The National Institute for Health and Care Excellence has published draft guidelines that restrict the use of Alexion's £366,912-a-year enzyme replacement therapy Strensiq by the National Health Service in treating patients with hypophosphatasia.

The cost watchdog is currently recommending Strensiq (asfotase alfa) as an option for treating the bone manifestations of hypophosphatasia, but only in people with perinatal- and infantile-onset disease, as per conditions set out in the proposed managed access agreement, and when the company provides the therapy with the proposed discount and annual per-patient cost cap.

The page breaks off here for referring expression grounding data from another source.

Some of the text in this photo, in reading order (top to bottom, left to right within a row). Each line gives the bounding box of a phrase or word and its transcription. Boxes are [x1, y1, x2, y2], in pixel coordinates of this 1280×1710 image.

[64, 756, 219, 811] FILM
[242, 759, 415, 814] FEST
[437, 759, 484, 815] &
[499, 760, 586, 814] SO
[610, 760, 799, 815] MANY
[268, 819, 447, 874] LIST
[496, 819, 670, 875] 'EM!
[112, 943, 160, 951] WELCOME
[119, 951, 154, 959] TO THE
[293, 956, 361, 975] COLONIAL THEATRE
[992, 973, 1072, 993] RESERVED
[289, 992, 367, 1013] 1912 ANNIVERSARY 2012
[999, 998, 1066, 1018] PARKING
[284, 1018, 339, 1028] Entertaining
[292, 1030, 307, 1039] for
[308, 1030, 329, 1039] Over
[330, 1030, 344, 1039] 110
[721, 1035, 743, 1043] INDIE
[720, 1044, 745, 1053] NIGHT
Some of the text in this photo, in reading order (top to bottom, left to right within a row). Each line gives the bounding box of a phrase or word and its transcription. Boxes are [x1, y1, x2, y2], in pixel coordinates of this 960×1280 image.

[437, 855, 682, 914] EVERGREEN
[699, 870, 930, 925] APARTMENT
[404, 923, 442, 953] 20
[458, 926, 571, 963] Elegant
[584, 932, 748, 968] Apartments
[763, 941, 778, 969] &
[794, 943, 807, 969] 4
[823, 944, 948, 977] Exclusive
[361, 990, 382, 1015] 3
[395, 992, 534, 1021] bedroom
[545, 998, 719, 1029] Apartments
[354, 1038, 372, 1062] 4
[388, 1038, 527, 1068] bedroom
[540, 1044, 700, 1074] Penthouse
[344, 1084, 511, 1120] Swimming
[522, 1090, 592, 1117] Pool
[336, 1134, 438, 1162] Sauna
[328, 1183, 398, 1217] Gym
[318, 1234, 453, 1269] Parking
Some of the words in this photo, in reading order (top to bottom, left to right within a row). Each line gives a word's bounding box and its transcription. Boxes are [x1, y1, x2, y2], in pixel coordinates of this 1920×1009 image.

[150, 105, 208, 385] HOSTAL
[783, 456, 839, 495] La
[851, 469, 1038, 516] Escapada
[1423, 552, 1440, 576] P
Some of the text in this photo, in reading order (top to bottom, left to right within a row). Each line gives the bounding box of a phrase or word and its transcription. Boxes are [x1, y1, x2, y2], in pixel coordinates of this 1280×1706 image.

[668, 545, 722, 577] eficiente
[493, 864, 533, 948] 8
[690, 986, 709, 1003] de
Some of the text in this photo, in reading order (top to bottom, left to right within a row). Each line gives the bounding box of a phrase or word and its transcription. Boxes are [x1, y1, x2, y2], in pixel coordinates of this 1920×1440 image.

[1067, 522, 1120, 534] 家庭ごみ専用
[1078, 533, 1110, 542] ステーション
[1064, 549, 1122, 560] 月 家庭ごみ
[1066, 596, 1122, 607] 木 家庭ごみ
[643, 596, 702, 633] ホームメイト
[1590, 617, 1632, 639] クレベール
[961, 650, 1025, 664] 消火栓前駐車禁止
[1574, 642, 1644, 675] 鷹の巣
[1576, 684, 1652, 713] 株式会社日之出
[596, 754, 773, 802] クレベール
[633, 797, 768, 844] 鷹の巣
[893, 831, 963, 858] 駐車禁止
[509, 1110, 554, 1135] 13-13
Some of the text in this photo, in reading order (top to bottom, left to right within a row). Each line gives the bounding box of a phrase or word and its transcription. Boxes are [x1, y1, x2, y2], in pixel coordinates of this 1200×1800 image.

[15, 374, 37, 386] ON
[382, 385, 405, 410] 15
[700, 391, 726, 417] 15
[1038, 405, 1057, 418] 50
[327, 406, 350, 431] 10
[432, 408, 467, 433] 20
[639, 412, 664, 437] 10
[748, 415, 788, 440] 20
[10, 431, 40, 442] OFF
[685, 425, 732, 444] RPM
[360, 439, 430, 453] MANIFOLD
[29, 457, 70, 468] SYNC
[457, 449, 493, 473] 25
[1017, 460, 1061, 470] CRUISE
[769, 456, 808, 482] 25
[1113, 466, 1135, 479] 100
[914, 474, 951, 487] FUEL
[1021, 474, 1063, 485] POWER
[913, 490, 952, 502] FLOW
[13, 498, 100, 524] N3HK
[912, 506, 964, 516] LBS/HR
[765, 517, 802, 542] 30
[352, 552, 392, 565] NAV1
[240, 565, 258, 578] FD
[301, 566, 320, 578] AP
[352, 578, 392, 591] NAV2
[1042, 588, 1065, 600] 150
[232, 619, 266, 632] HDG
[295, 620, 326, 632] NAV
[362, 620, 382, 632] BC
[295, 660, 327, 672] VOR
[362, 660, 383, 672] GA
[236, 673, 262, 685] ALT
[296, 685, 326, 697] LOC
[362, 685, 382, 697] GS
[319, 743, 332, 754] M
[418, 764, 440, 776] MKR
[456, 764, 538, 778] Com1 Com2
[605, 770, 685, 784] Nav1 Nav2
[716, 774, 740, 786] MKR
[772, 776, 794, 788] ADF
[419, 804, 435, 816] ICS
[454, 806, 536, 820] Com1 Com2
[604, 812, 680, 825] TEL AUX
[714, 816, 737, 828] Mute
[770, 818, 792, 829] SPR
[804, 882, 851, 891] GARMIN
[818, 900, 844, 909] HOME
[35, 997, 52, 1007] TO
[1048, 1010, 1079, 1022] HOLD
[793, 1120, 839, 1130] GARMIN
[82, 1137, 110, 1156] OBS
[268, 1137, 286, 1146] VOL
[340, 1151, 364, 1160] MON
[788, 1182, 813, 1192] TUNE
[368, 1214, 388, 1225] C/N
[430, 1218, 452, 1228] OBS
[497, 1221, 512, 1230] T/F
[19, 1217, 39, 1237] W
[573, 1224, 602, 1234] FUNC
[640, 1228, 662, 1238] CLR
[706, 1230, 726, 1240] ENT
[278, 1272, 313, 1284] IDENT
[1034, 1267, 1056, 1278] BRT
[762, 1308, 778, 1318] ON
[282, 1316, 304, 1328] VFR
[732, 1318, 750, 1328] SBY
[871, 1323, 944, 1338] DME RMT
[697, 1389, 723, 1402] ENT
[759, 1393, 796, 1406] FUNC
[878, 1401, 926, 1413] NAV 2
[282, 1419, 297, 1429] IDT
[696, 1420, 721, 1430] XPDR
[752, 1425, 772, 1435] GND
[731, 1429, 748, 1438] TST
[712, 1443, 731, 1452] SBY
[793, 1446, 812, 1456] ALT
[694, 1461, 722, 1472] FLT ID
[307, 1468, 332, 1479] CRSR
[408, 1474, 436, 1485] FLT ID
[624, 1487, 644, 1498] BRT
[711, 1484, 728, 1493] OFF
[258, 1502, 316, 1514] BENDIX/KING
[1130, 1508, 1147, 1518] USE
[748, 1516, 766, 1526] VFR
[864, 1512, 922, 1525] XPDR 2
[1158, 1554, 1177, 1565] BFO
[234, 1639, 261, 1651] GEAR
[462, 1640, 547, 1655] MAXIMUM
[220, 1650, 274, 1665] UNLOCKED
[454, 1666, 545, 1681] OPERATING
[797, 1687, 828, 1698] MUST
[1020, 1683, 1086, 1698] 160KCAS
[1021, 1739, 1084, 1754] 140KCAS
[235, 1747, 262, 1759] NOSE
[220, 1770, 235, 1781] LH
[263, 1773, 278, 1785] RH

Strensiq is not recommended for treating the bone manifestations of hypophosphatasia in children with juvenile-onset disease, which has much lower mortality rate than cases appearing in infancy, where 100 percent percent of those diagnosed in the first six months of their lives die before they reach one year. But later forms are often linked with debilitating and lead to bone deformities that may result in delayed walking, limb weaknesses, skeletal pain and non-traumatic fractures.

The current mainstay of treatment is supportive care aiming to monitor and alleviate symptoms, and enzyme replacement therapy Strensiq (asfotase alfa) is the first treatment to specifically target the underlying cause of the disease.

However, while the committee considered that the therapy could "provide important clinical benefits" for this patient group, given its "very high" cost and the "significant uncertainties about its long-term benefits, who would benefit the most from treatment, and the number of people in this patient group who might be eligible for treatment," it could not endorse its use in this setting.

Strensiq was also knocked back by the Institute for treating the bone manifestations of hypophosphatasia in adults with juvenile-onset disease.

Alexion said it is extremely disappointed with the recommendations, and is "concerned that NICE has fundamentally failed to fairly and appropriately evaluate the benefits of Strensiq for patients with paediatric-onset hypophosphatasia (HPP)."

Restricting access to patients with perinatal- and infantile-onset HPP will deny the very small number of children, juveniles and adults, who are unnecessarily suffering serious life-limiting complications of HPP, access to the only proven treatment, it argued.

In making its decision, NICE has "completely disregarded the proposed consensus managed access agreement for children, juveniles and adults with paediatric-onset disease, which was developed by physician thought-leaders, patient groups, and NHS England, with input from Alexion Medical, and that identified those patients who experience the most disabling symptoms and are expected to derive most benefit from therapy".

The decision "directly calls into question the effectiveness of the entire highly specialised technology (HST) assessment process and the value of stakeholder input provided," the firm stressed, noting that the process for review "has not been timely – taking over a year to reach this point – or conducive to constructive discussion, negotiation or resolution on behalf of the very small number of patients with HPP that require access to Strensiq."

Alexion said its priority now is to ensure that the very small number of patients with severely debilitating HPP in England have access to Strensiq, just like patients in the US, Germany and Japan, and that it is "considering all potential procedural and other options available".